### The data ###

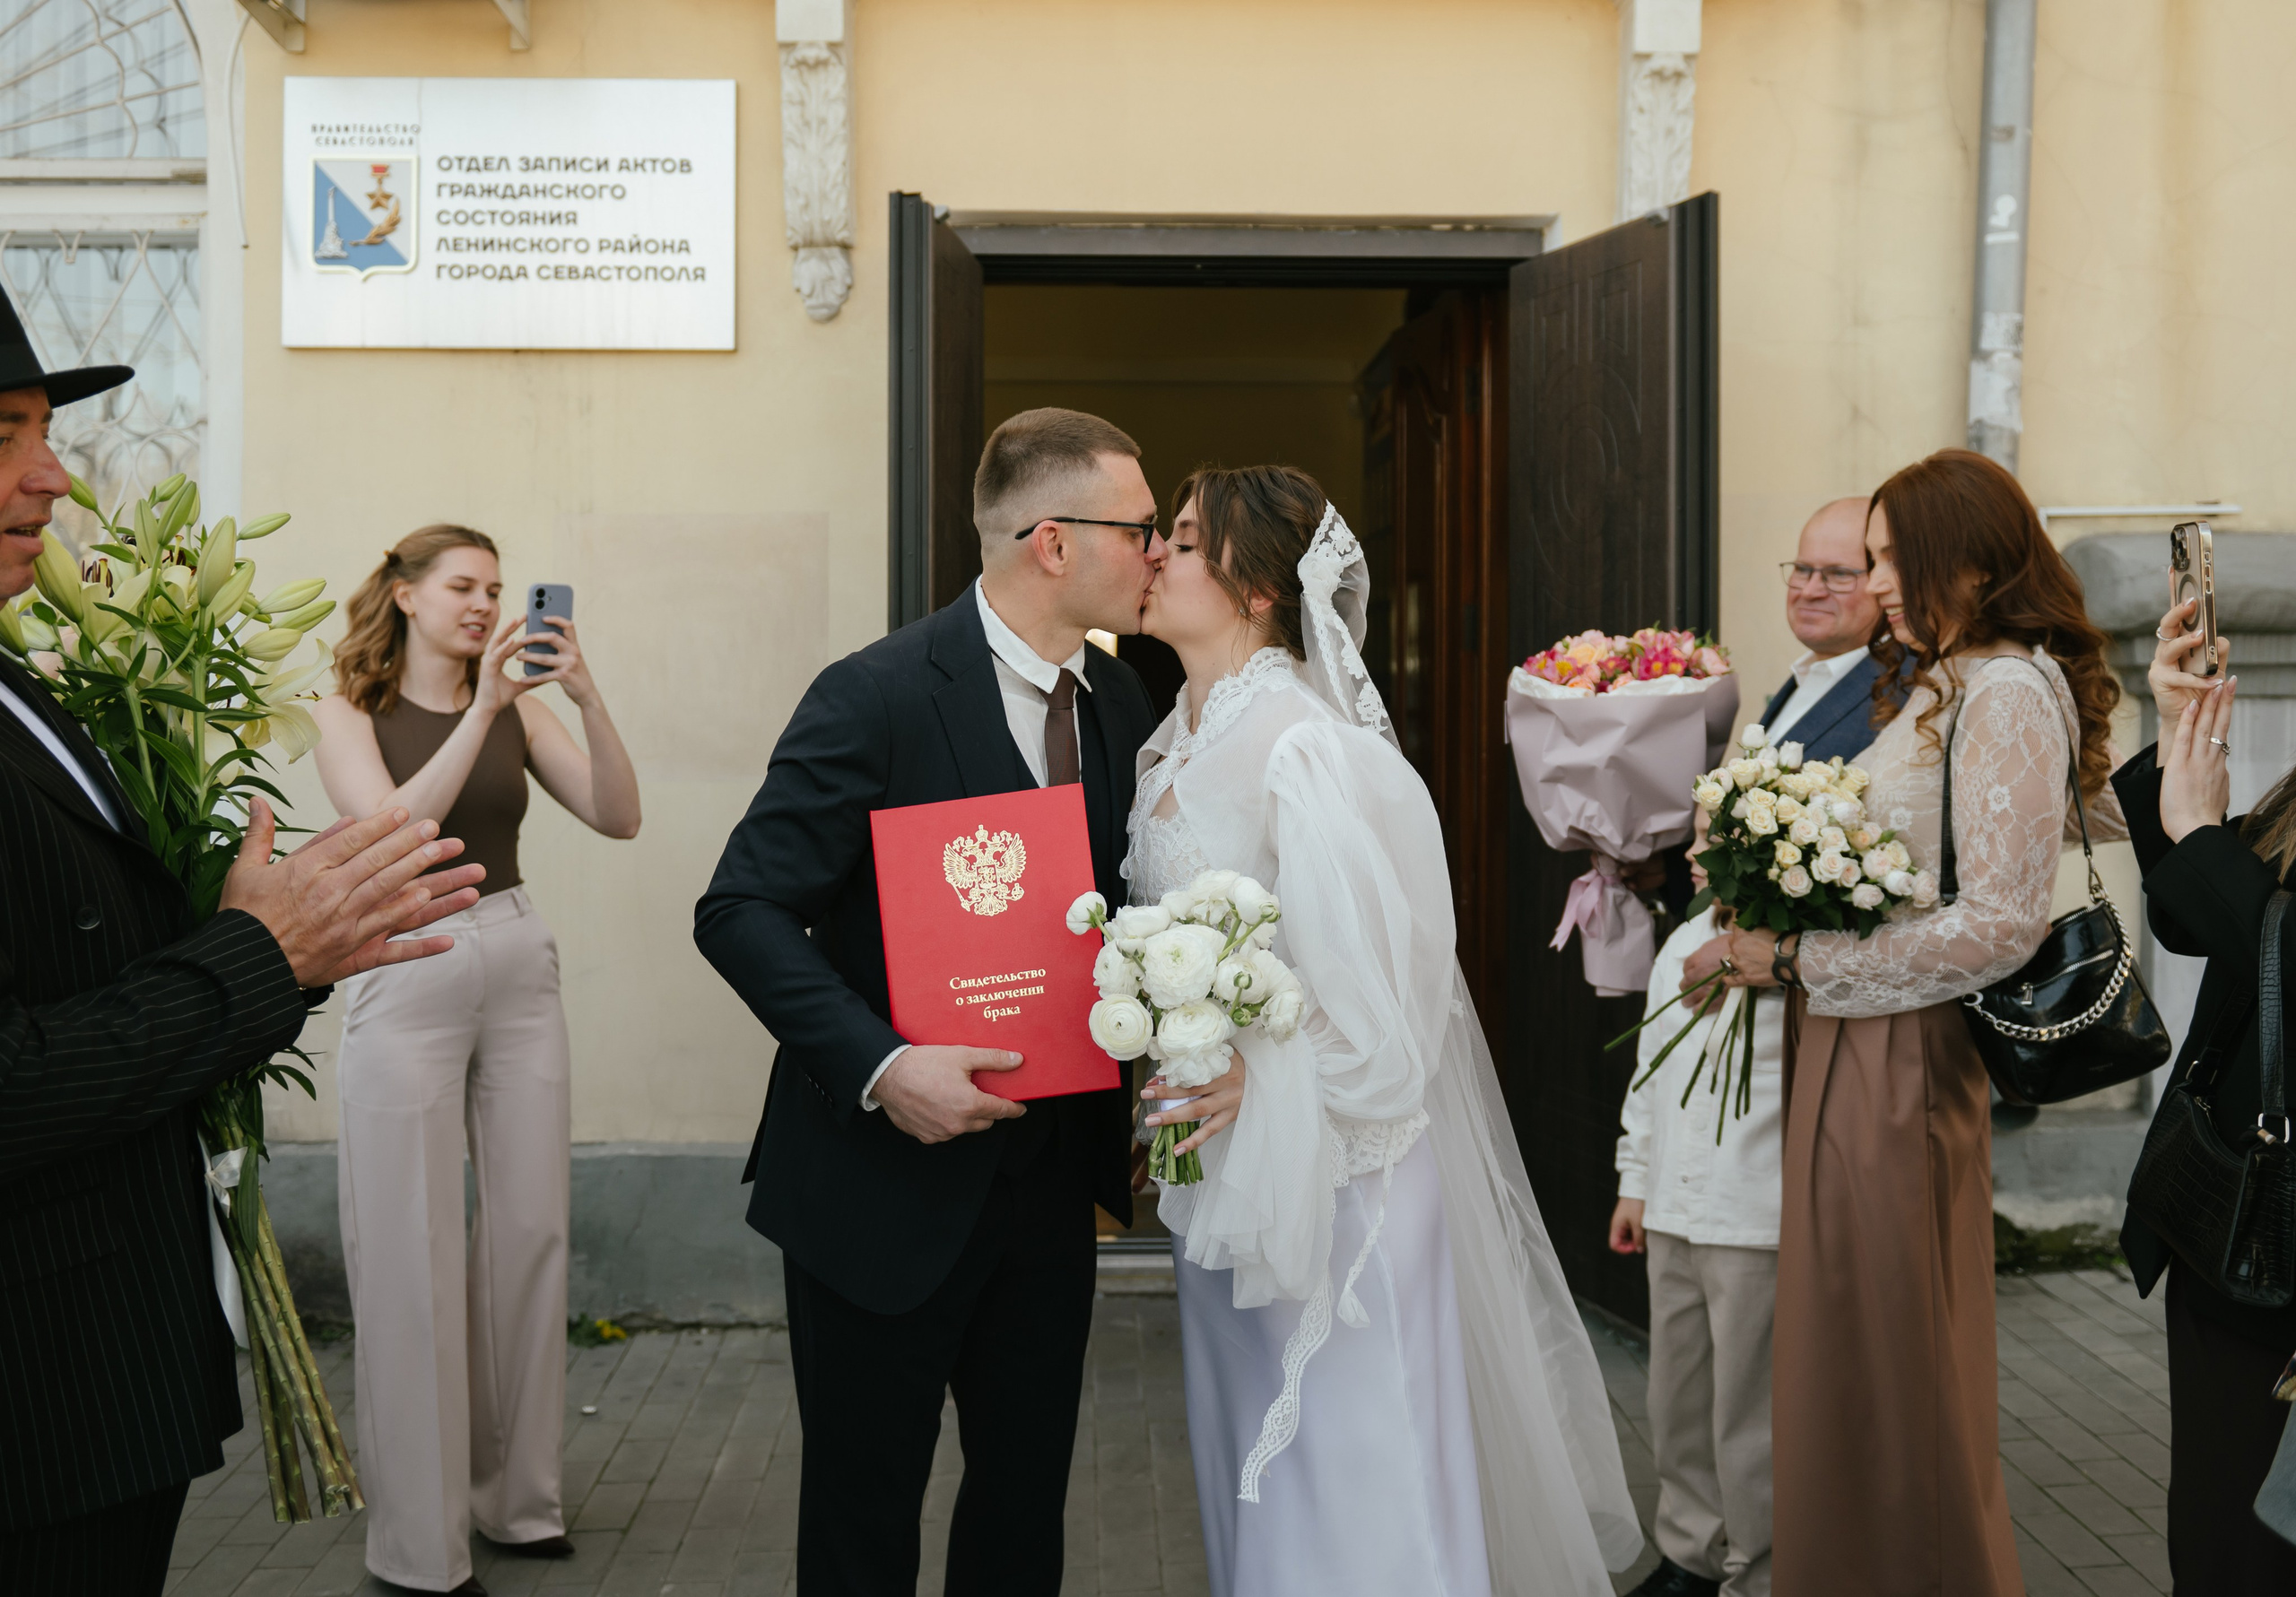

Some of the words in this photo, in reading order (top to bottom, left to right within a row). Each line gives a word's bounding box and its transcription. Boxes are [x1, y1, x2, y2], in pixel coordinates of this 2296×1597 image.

[437, 156, 511, 174] ОТДЕЛ
[519, 156, 610, 174] ЗАПИСИ
[617, 158, 693, 175] АКТОВ
[437, 183, 627, 201] ГРАЖДАНСКОГО
[437, 210, 578, 227] СОСТОЯНИЯ
[437, 237, 591, 255] ЛЕНИНСКОГО
[599, 235, 691, 256] РАЙОНА
[437, 265, 529, 282] ГОРОДА
[537, 265, 707, 282] СЕВАСТОПОЛЯ
[949, 968, 1046, 990] Свидетельство
[955, 997, 964, 1006] о
[966, 985, 1045, 1005] заключении
[983, 1005, 1021, 1022] брака

###

### Exercise objective
The records must be restated word for word, apart from any images.

### Solution to the exercise
Some of the words in this photo, in reading order (top to bottom, left to right within a row). Each line gives a word's bounding box and its transcription. Boxes are [x1, y1, x2, y2], in pixel coordinates of this 2296×1597 image.

[437, 156, 511, 174] ОТДЕЛ
[519, 156, 610, 174] ЗАПИСИ
[617, 158, 693, 175] АКТОВ
[437, 183, 627, 201] ГРАЖДАНСКОГО
[437, 210, 578, 227] СОСТОЯНИЯ
[437, 237, 591, 255] ЛЕНИНСКОГО
[599, 235, 691, 256] РАЙОНА
[437, 265, 529, 282] ГОРОДА
[537, 265, 707, 282] СЕВАСТОПОЛЯ
[949, 968, 1046, 990] Свидетельство
[955, 997, 964, 1006] о
[966, 985, 1045, 1005] заключении
[983, 1005, 1021, 1022] брака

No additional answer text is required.